Brief
A faithful repeat of all the records, with no image kept, is the required answer.

(Raw data Opens)

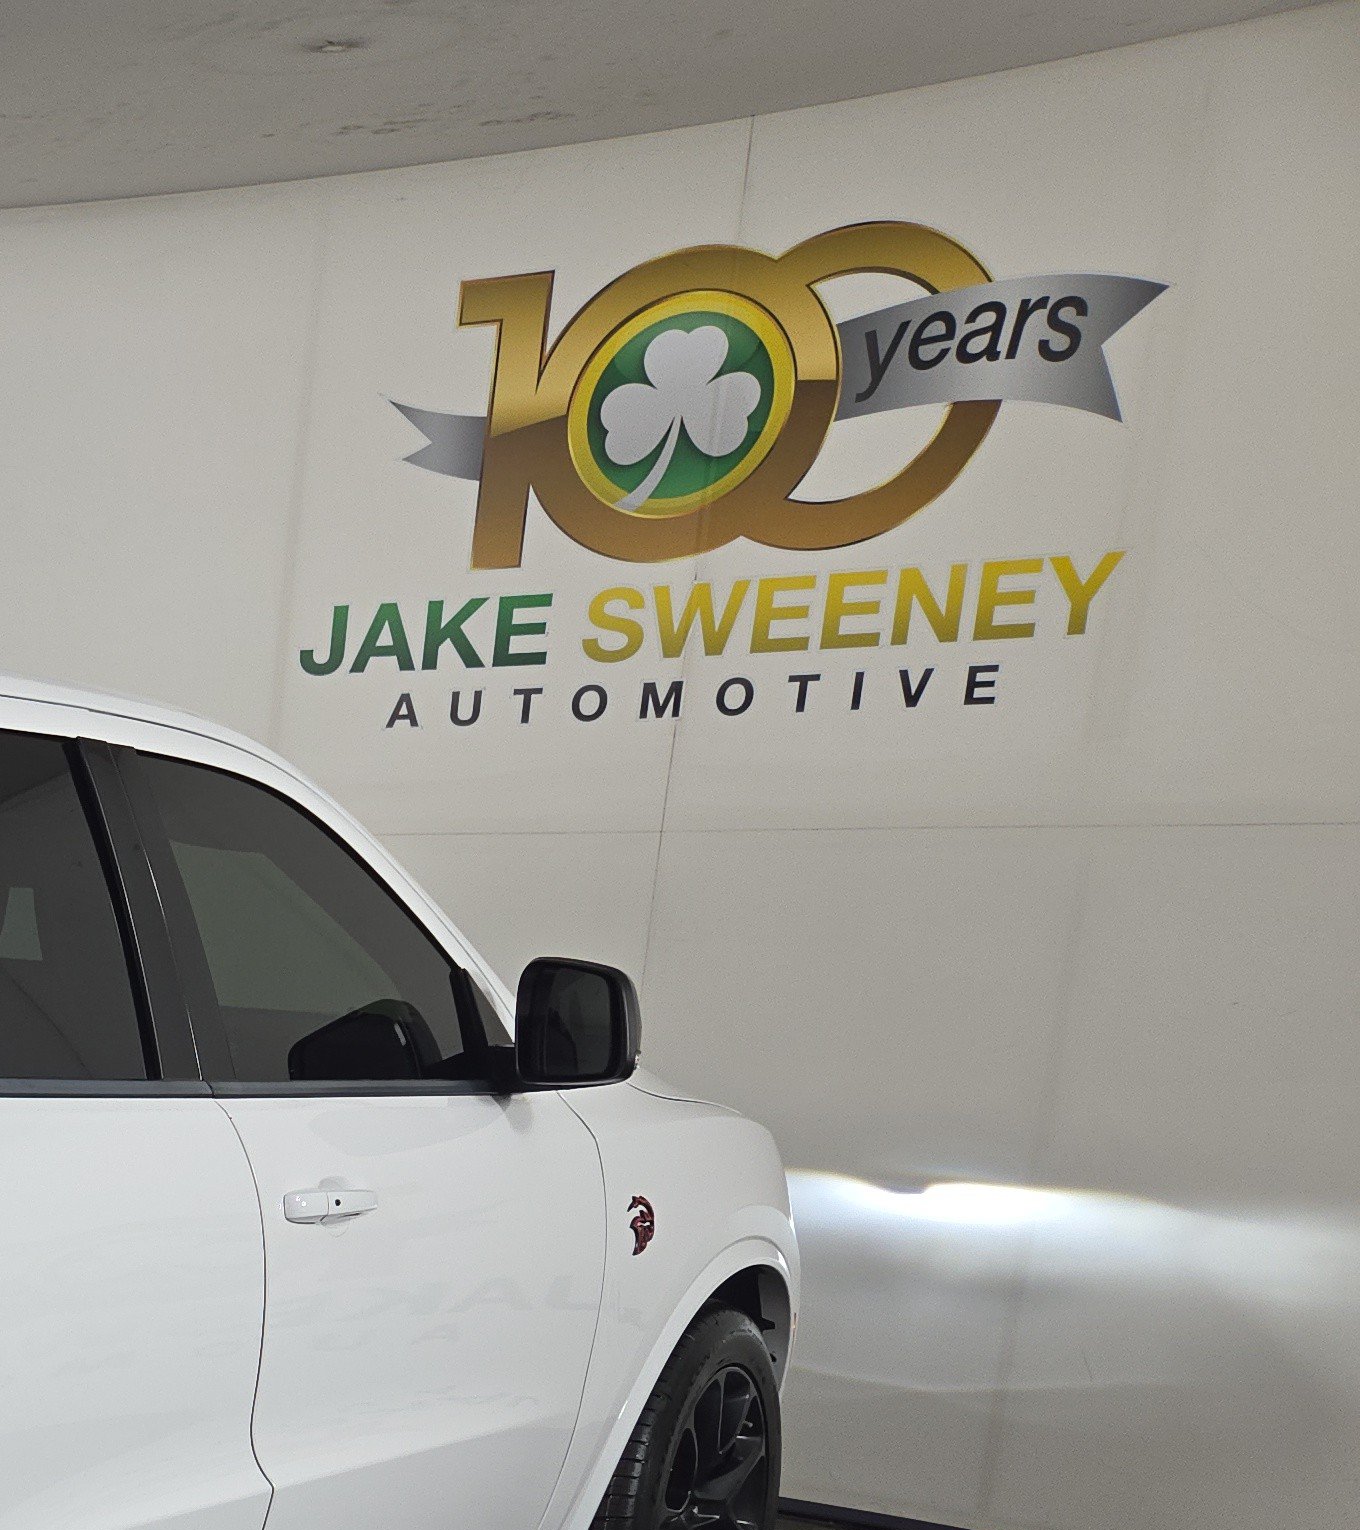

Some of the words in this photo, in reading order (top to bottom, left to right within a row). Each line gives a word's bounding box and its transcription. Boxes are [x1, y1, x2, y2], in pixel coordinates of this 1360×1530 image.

[456, 220, 1003, 570] 100
[854, 294, 1089, 403] years
[299, 591, 555, 676] JAKE
[581, 550, 1127, 665] SWEENEY
[385, 663, 1003, 730] AUTOMOTIVE

(Raw data Closes)

Response to the exercise
Some of the words in this photo, in reading order (top to bottom, left to right within a row). Each line gives a word's bounding box and its transcription. Boxes are [x1, y1, x2, y2], in pixel coordinates of this 1360×1530 image.

[456, 220, 1003, 570] 100
[854, 294, 1089, 403] years
[299, 591, 555, 676] JAKE
[581, 550, 1127, 665] SWEENEY
[385, 663, 1003, 730] AUTOMOTIVE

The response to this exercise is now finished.